WHAT TO PRODUCE: Lines from the one containing "this 960×1280 image." through the end of the data below are to be transcribed exactly; leave out all others.

Spatial localization data:
*** Block opens ***
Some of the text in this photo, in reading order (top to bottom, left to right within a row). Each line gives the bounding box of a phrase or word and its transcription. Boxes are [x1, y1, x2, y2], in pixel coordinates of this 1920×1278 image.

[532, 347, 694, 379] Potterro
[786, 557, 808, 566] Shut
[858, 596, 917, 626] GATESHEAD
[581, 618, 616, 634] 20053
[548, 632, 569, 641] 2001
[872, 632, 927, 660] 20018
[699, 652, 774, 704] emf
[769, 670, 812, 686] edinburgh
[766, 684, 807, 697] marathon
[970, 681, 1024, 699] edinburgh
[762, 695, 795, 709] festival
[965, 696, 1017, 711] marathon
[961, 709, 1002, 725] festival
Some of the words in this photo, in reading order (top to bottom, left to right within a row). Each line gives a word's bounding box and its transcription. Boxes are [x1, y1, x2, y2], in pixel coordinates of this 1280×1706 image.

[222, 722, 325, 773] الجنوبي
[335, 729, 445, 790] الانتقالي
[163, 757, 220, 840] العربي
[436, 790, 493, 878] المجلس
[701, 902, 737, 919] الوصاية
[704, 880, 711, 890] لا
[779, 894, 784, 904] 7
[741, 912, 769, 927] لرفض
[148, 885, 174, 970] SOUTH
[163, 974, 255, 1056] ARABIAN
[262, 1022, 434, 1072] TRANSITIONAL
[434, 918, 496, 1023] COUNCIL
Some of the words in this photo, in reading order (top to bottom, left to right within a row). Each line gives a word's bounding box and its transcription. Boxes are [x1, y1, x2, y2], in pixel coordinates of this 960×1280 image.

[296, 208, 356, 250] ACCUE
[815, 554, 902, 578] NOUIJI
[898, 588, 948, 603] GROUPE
*** Block closes ***
SOLUTION BELOW:
Some of the words in this photo, in reading order (top to bottom, left to right within a row). Each line gives a word's bounding box and its transcription. Boxes are [x1, y1, x2, y2], in pixel coordinates of this 960×1280 image.

[296, 208, 356, 250] ACCUE
[815, 554, 902, 578] NOUIJI
[898, 588, 948, 603] GROUPE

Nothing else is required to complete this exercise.